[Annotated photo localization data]
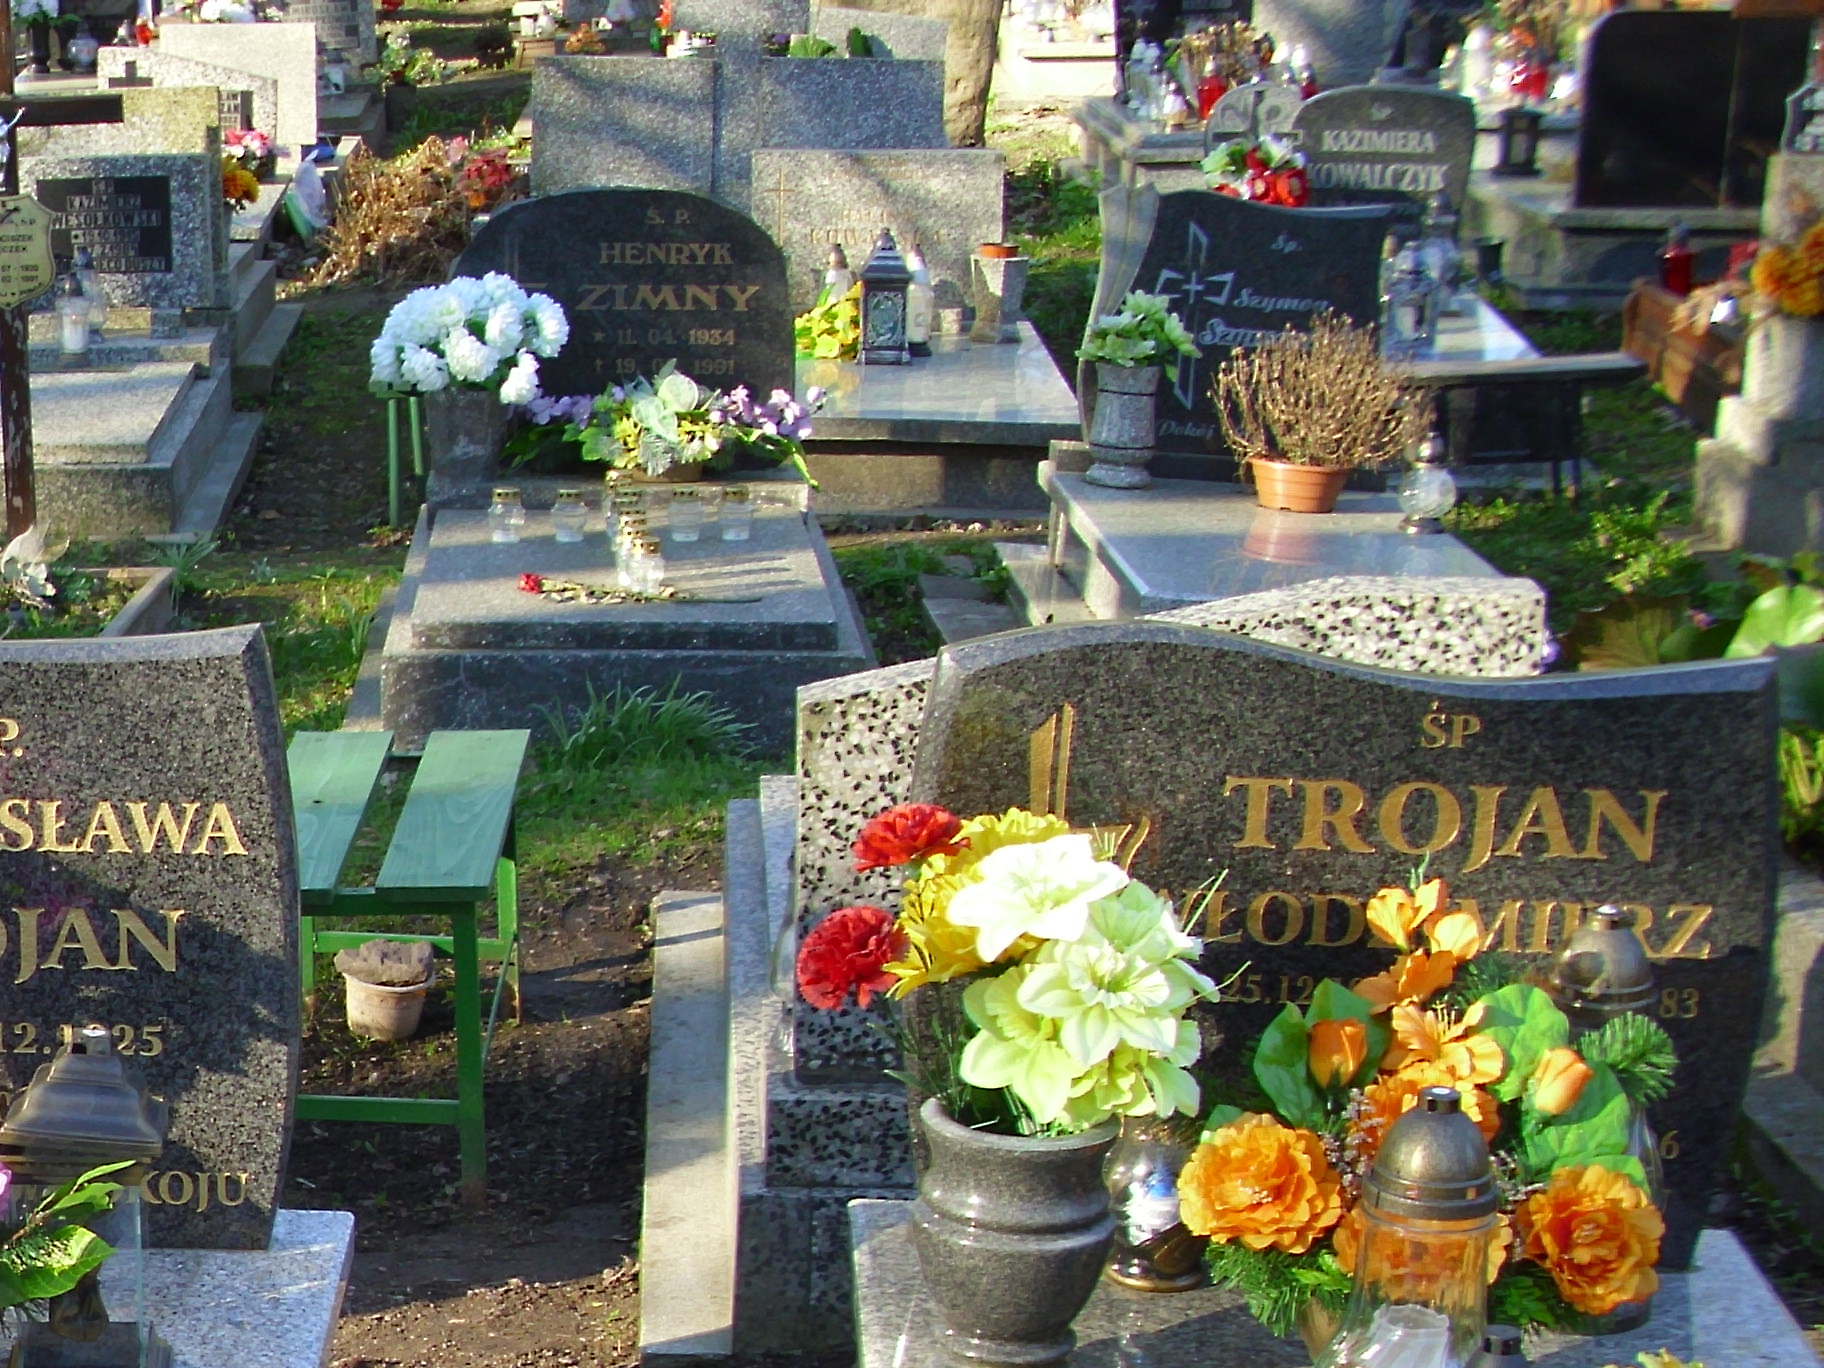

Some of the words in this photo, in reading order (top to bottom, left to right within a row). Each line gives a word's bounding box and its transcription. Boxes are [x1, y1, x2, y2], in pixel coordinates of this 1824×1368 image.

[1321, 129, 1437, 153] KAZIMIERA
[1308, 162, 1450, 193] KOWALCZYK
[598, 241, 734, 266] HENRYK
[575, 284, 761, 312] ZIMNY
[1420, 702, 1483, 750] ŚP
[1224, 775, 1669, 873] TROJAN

(Task goal) Repeat all the records above exactly, leaving out any pictures.

(Response)
Some of the words in this photo, in reading order (top to bottom, left to right within a row). Each line gives a word's bounding box and its transcription. Boxes are [x1, y1, x2, y2], in pixel coordinates of this 1824×1368 image.

[1321, 129, 1437, 153] KAZIMIERA
[1308, 162, 1450, 193] KOWALCZYK
[598, 241, 734, 266] HENRYK
[575, 284, 761, 312] ZIMNY
[1420, 702, 1483, 750] ŚP
[1224, 775, 1669, 873] TROJAN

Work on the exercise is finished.